Homemade Macaroni and Cheese

Mmmm...homemade mac and cheese. What I discovered while looking for this recipe is that -- dependent upon where you live -- mac and cheese can be VERY different!
I wanted a classic mac and cheese. Something creamy, with easy-to-find cheeses (no fancy, expensive type cheeses!).
This recipe fit the bill. Chelley's was good -- but I added a bit more cheese to make it a creamier mac n cheese. It's fantastic, and just creamy enough. DH and I love it!
Homemade Baked Macaroni and Cheese
(Altered from Chelley's Blog)

8 oz. macaroni (I like rotini)
4 tablespoons butter, divided
2 tablespoons flour
1/2 teaspoon salt
2 cups milk
2/3 cup shredded cheddar cheese, divided
2/3 cup shredded swiss cheese, divided
2/3 cup shredded mozzarella cheese, divided
1/2 cup seasoned bread crumbs

Directions
- Cook macaroni according to package directions and drain.
- Preheat the oven for 400 degrees.
- Melt 2 tablespoons of butter in a large saucepan over medium heat. Add flour and salt and stir until mixture is smooth. Add milk gradually, stirring constantly.
- Cook over low/medium heat, stirring constantly, until thickened (about 5 minutes).
- Stir in 1/3 cup of the cheddar cheese, 1/3 cup of the swiss cheese, and 1/3 cup of the mozzarella cheese.
- Mix the cheese sauce and macaroni in a large bowl.
- Spoon into a baking dish (I used a square pyrex -- Chelley reccommends 9x7). Sprinkle with remaining cheddar, swiss, and mozzarella.
- Melt the remaining 2 tablespoons of butter in the microwave (30 seconds does it in mine)
- Combine bread crums and melted butter in a small bowl and mix well.
- Sprinkle breadcrumb mixture on top of the cheese.
- Bake until hot and bubbly; approximately 15 minutes.

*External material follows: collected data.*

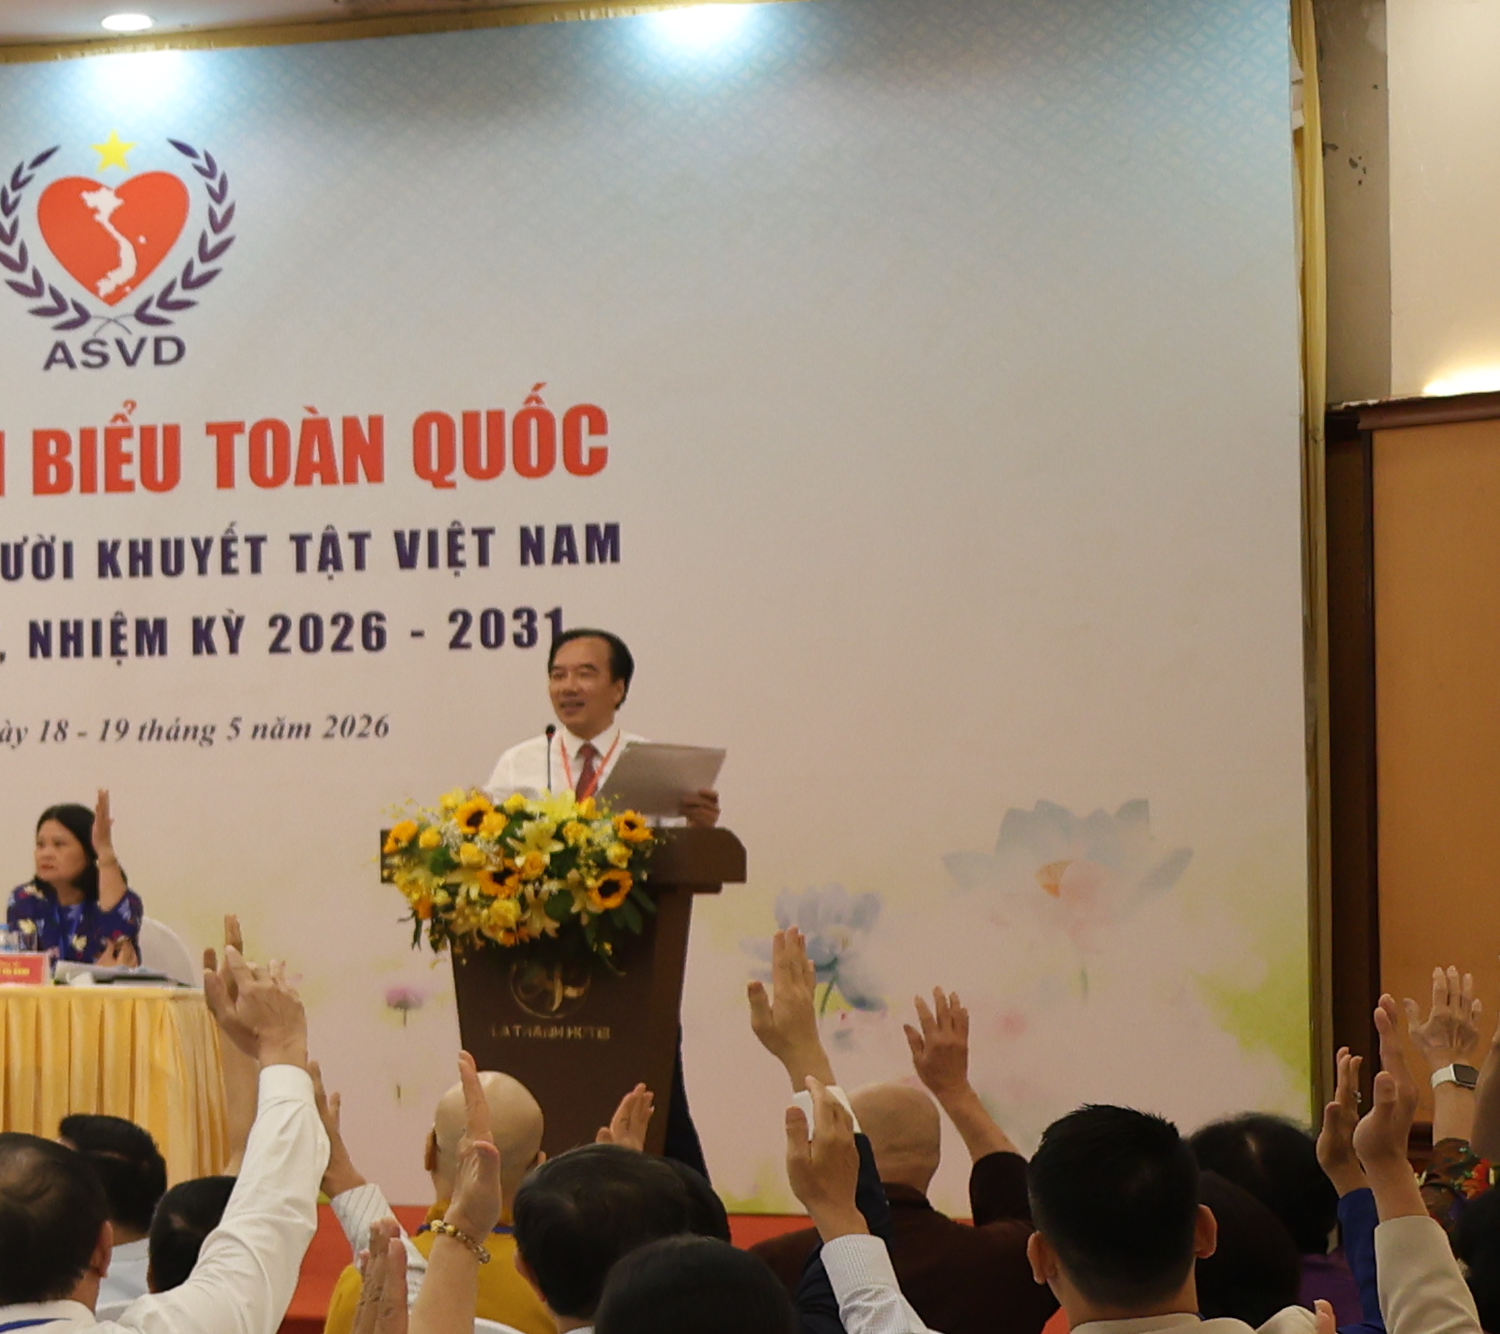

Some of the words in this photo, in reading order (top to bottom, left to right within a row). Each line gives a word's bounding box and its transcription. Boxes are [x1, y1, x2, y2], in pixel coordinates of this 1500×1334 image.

[42, 335, 187, 372] ASVD
[31, 398, 182, 497] BIỂU
[204, 405, 385, 491] TOÀN
[411, 381, 609, 491] QUỐC
[96, 521, 268, 580] KHUYẾT
[288, 523, 373, 582] TẬT
[392, 519, 496, 579] VIỆT
[519, 521, 621, 568] NAM
[28, 610, 168, 667] NHIỆM
[191, 608, 246, 657] KỲ
[267, 610, 387, 656] 2026
[409, 629, 426, 639] -
[447, 605, 564, 651] 2031
[39, 719, 69, 744] 18
[99, 718, 130, 743] 19
[137, 716, 217, 748] tháng
[226, 716, 243, 742] 5
[250, 716, 312, 741] năm
[321, 713, 390, 740] 2026

Saturday, February 16, 2008

Stuffed Shells and Garlic Toast

DH and I celebrated Valentine's Day on Friday, when we knew we'd have more time to enjoy a good meal, and each other.

Our menu was simple, but hearty: Stuffed Shells with Garlic Toast, and Angie's Famous Strawberry Cupcakes for dessert. Everything was delicious!

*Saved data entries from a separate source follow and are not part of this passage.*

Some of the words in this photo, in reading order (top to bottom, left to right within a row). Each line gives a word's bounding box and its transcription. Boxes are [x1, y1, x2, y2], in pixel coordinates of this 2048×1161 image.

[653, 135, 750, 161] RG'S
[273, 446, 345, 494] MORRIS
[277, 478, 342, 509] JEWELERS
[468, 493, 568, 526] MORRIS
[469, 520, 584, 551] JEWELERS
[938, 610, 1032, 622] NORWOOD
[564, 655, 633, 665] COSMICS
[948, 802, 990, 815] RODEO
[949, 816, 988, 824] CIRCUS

This stuffed shell recipe is very "classic" Italian -- it will taste just like those amazing stuffed shells you buy at the Italian restaurant -- and they're quick to make as well! The recipe I use is base recipe -- you can add mushrooms, or spinach, or meat, or anything you please to the cheese mixture to stuff the shells.
Enjoy!

Stuffed Shells
1 (12 oz) package jumbo pasta shells
2 eggs, beaten
1 (32 oz) container of ricotta cheese
1 lb. shredded mozzarella cheese, divided
8 oz. greated parmesean cheese, divided
1 tbsp. dried parsley
2 tsp. salt
1 tsp. ground black pepper
2 (28 oz) jars of pasta sauce (or your own homemade recipe)
1 lb. ground meat (beef, turkey, chicken -- your preference)

Directions
- Preheat the oven to 350 degrees. Get a 9x13 casserole dish to place your shells in for baking.
- Boil a large pot of lightly salted water. Add the pasta shells and cook them for 8-10 minutes; or until they are al dente. Drain the pasta, and rinse with cool water (so you can handle them to stuff).
- Brown the meat in a large skillet with sides (this way, you can add the sauce to this pan later to mix with the meat). Drain off any excess fat and return browned meat to the skillet. Remove from heat.
- In a large bowl, mix the two eggs, 32 oz. of ricotta, half the mozzarella, half the parmesan, parsley, salt and pepper until blended well.
- Add the pasta sauce, the rest of the mozzarella and the rest of the parmsean to your browned meat. Stir to incorporate.
- Stuff the pasta shells with the ricotta mixture and place them in the bottom of a 9 x 13 casserole dish. I like to stuff my shells to the brim -- don't hold back!
- Once all shells are stuffed, gently spoon the pasta sauce/meat/cheese mixture over the tops of the shells, coating liberally. You may not use all the sauce, that's ok!
- Bake, uncovered, in the preheated oven for 45 minutes, or until edges are bubbly and shells are slightly set.